▶ [WHAT YOU ARE ASKED TO DO]: Would you give the listing again exactly, without its images?

▼

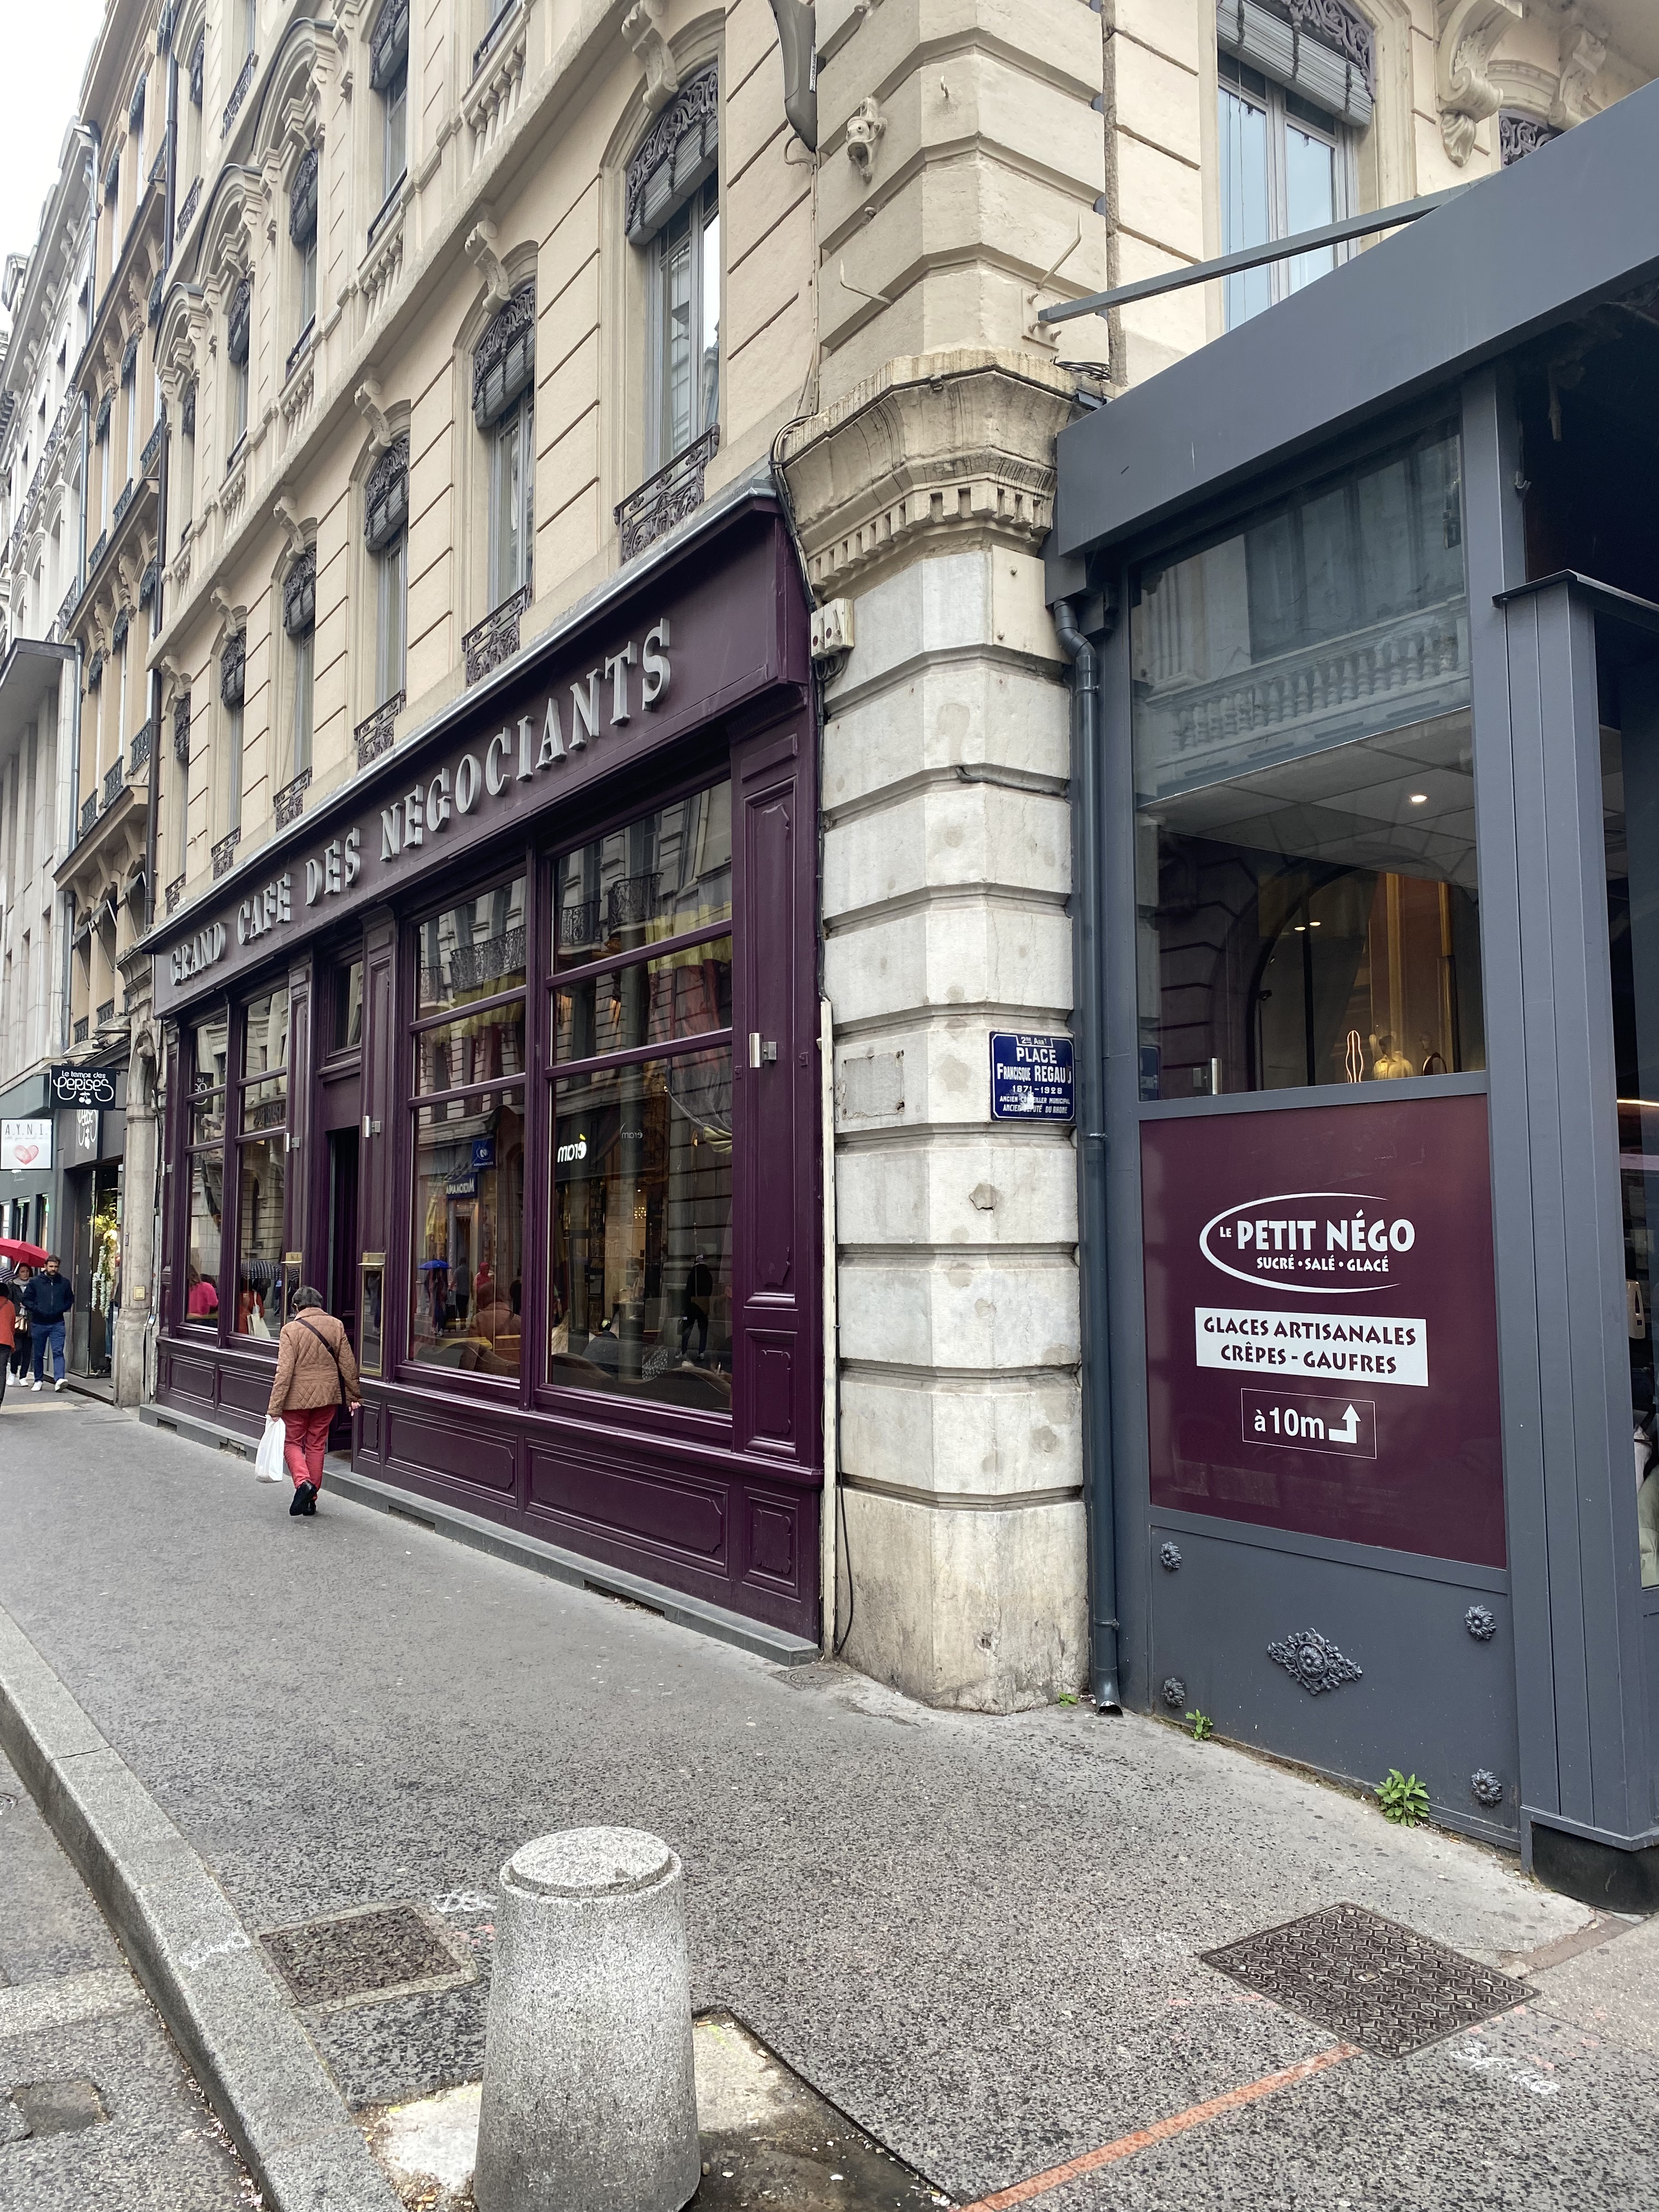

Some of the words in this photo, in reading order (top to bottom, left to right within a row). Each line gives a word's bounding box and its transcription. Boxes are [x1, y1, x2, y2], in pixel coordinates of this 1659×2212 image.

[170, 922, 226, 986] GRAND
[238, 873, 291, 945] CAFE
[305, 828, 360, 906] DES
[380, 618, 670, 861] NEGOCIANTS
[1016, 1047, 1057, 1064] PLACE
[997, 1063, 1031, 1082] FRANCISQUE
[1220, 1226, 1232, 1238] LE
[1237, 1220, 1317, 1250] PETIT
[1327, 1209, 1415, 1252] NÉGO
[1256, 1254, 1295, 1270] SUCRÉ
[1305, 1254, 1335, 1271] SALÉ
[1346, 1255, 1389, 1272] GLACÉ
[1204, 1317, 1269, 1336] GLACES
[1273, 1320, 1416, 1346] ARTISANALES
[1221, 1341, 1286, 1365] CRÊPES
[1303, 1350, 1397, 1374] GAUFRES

▲

▶ [SOLUTION TO THIS EXERCISE]:
Some of the words in this photo, in reading order (top to bottom, left to right within a row). Each line gives a word's bounding box and its transcription. Boxes are [x1, y1, x2, y2], in pixel coordinates of this 1659×2212 image.

[170, 922, 226, 986] GRAND
[238, 873, 291, 945] CAFE
[305, 828, 360, 906] DES
[380, 618, 670, 861] NEGOCIANTS
[1016, 1047, 1057, 1064] PLACE
[997, 1063, 1031, 1082] FRANCISQUE
[1220, 1226, 1232, 1238] LE
[1237, 1220, 1317, 1250] PETIT
[1327, 1209, 1415, 1252] NÉGO
[1256, 1254, 1295, 1270] SUCRÉ
[1305, 1254, 1335, 1271] SALÉ
[1346, 1255, 1389, 1272] GLACÉ
[1204, 1317, 1269, 1336] GLACES
[1273, 1320, 1416, 1346] ARTISANALES
[1221, 1341, 1286, 1365] CRÊPES
[1303, 1350, 1397, 1374] GAUFRES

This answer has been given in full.